[Annotated photo localization data]
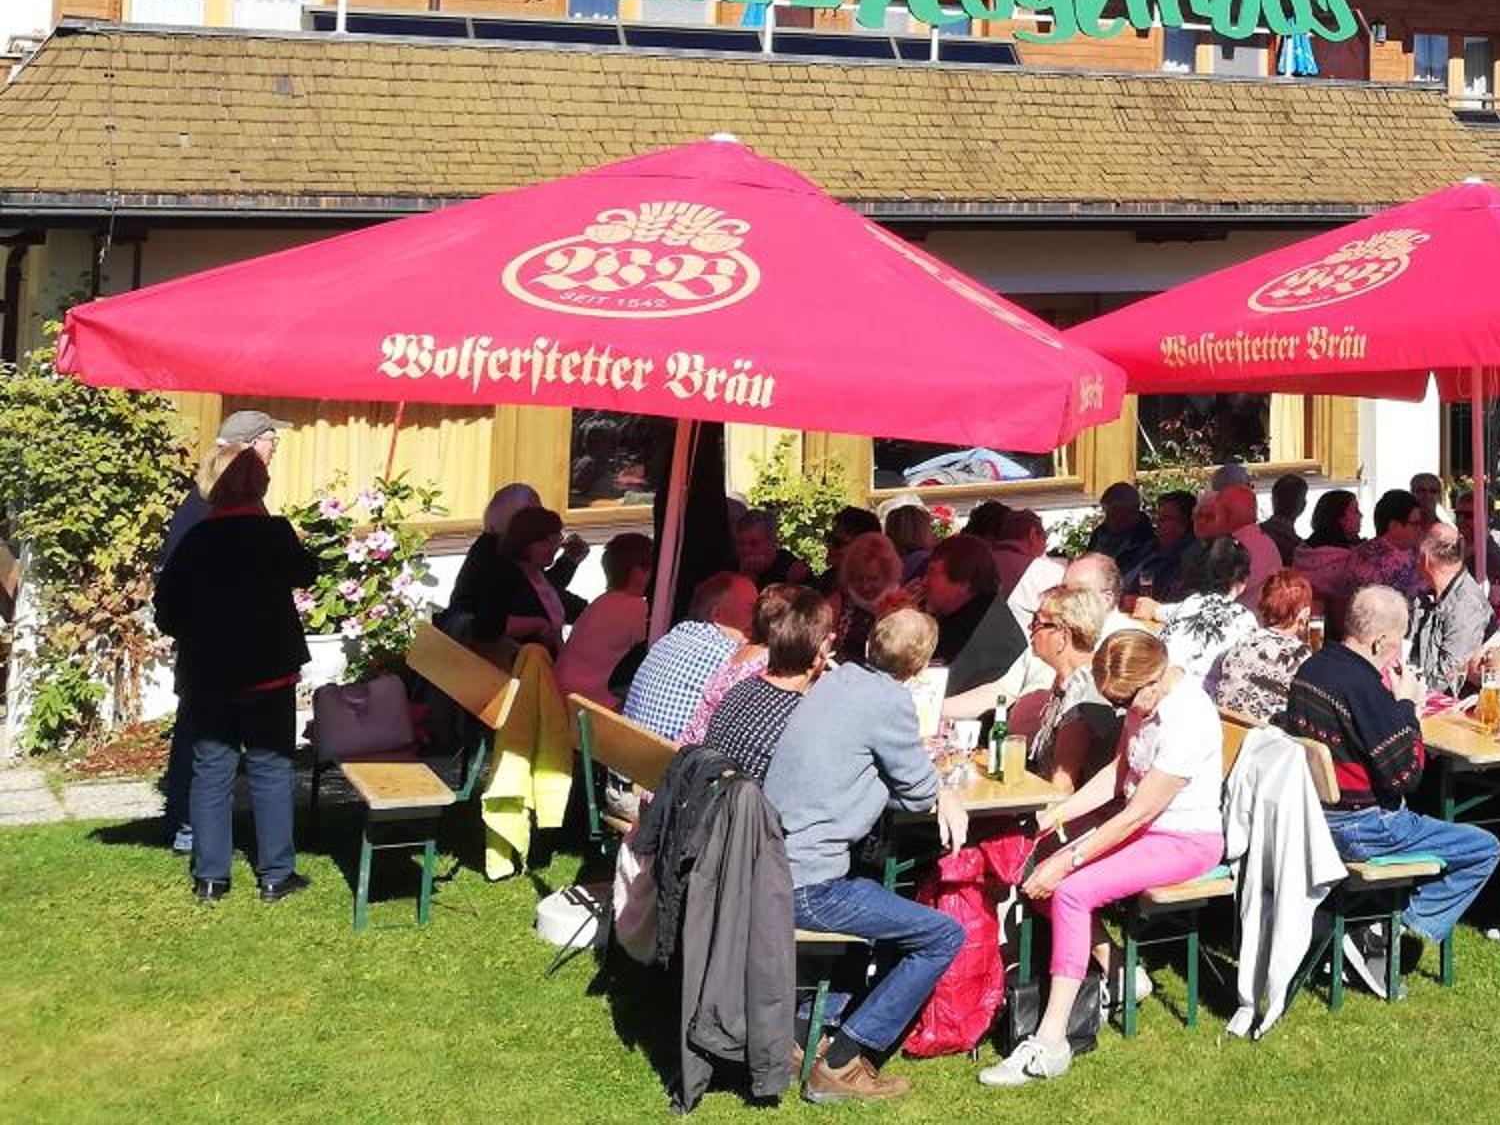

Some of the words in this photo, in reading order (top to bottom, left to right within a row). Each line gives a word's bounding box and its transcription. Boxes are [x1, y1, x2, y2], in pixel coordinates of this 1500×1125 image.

[559, 290, 610, 304] SEIT
[1306, 325, 1367, 360] Bräu
[662, 350, 775, 409] Bräu
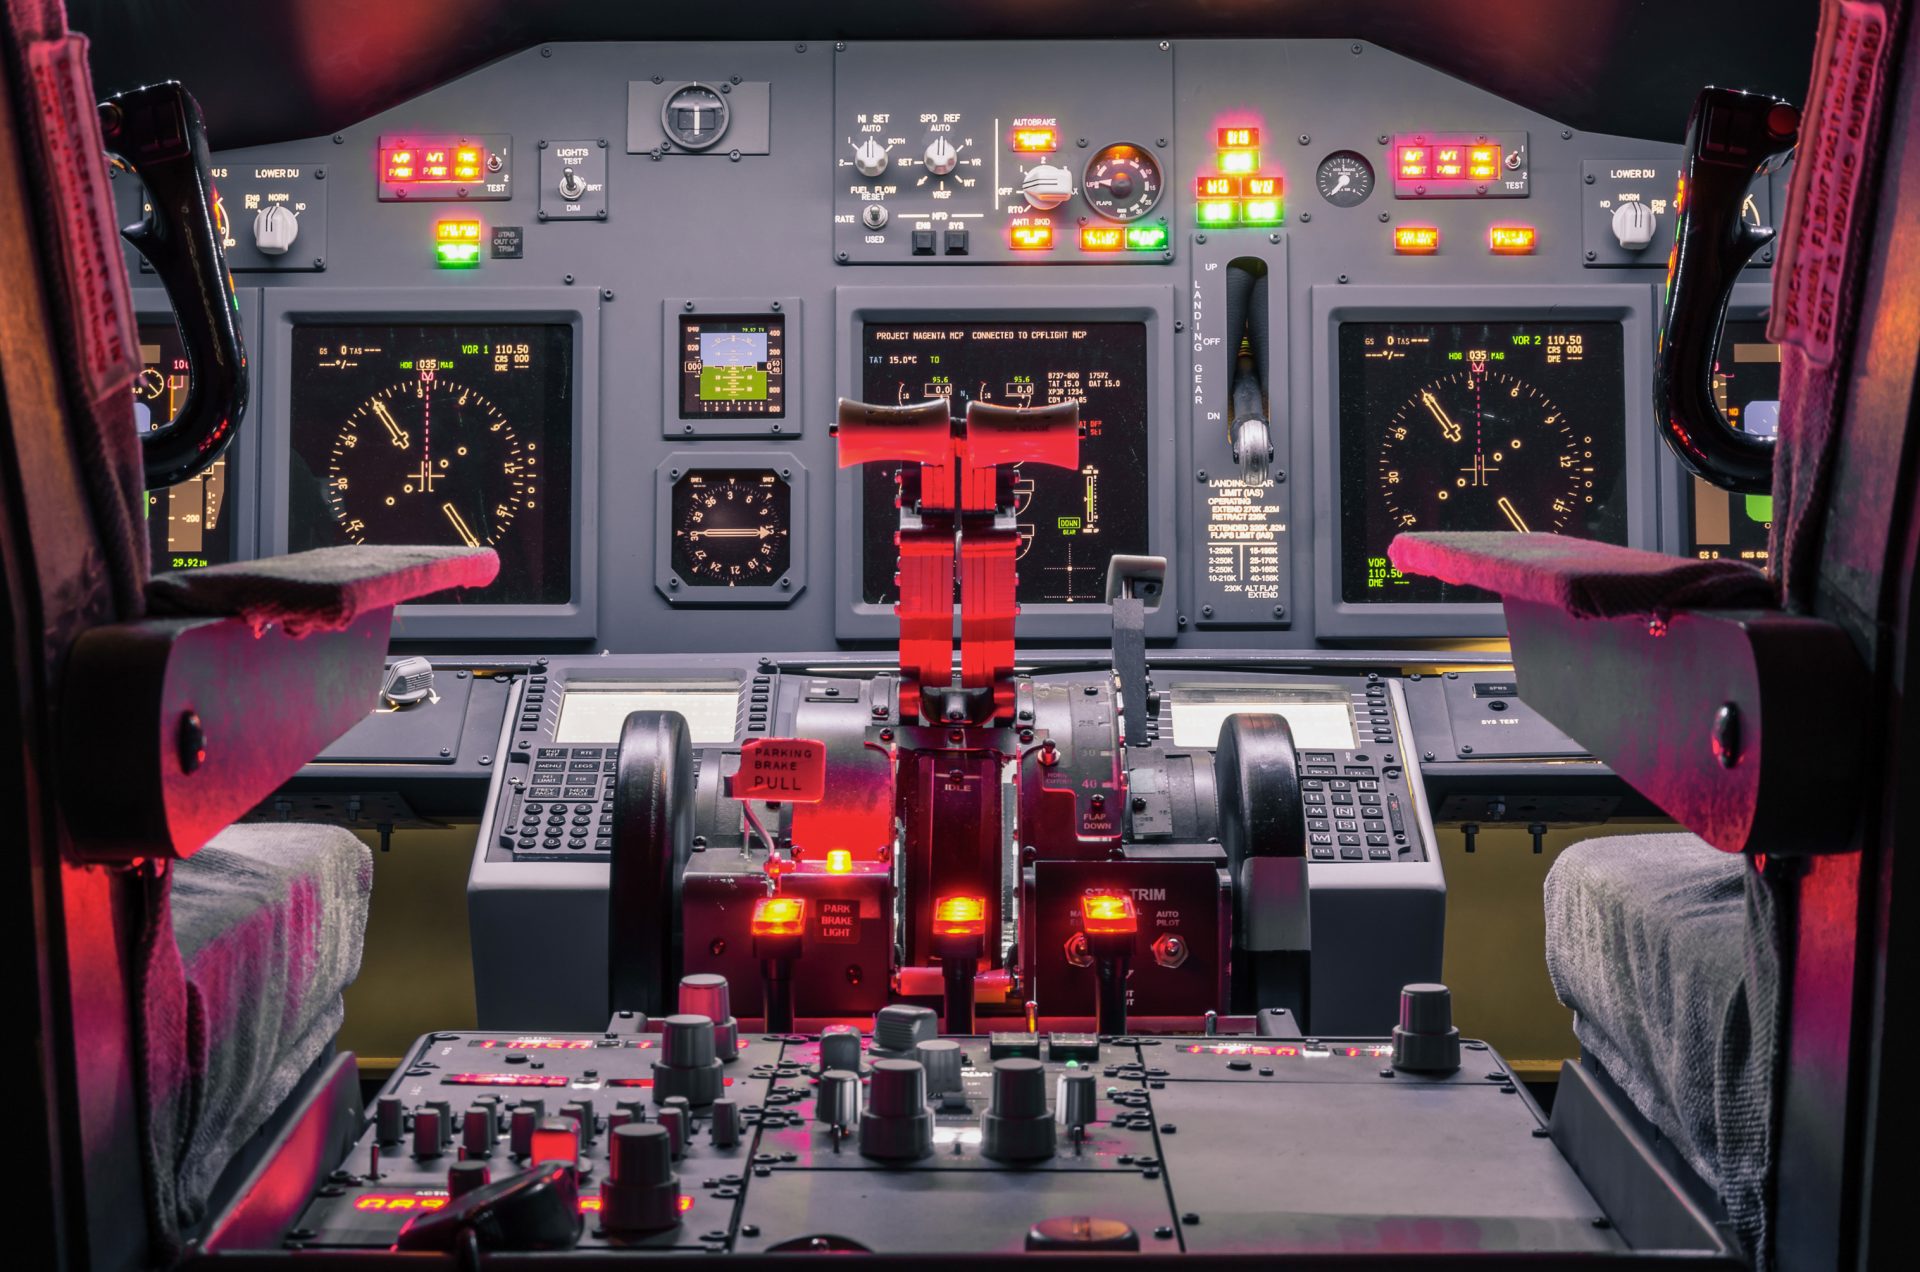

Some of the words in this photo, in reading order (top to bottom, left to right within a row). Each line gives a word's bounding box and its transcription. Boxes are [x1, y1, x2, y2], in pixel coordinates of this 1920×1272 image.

- [EXERCISE DESCRIPTION] Repeat every record above exactly, but leave out any pictures.

- [SOLUTION TO THIS PROBLEM]
Some of the words in this photo, in reading order (top to bottom, left to right within a row). Each line gives a word's bounding box and its transcription. Boxes are [x1, y1, x2, y2], in pixel coordinates of this 1500×1125 image.

[559, 290, 610, 304] SEIT
[1306, 325, 1367, 360] Bräu
[662, 350, 775, 409] Bräu

Some of the words in this photo, in reading order (top to bottom, left to right within a row). Each line gives a word's bounding box and its transcription. Boxes are [x1, y1, x2, y2], in pixel coordinates of this 1920×1272 image.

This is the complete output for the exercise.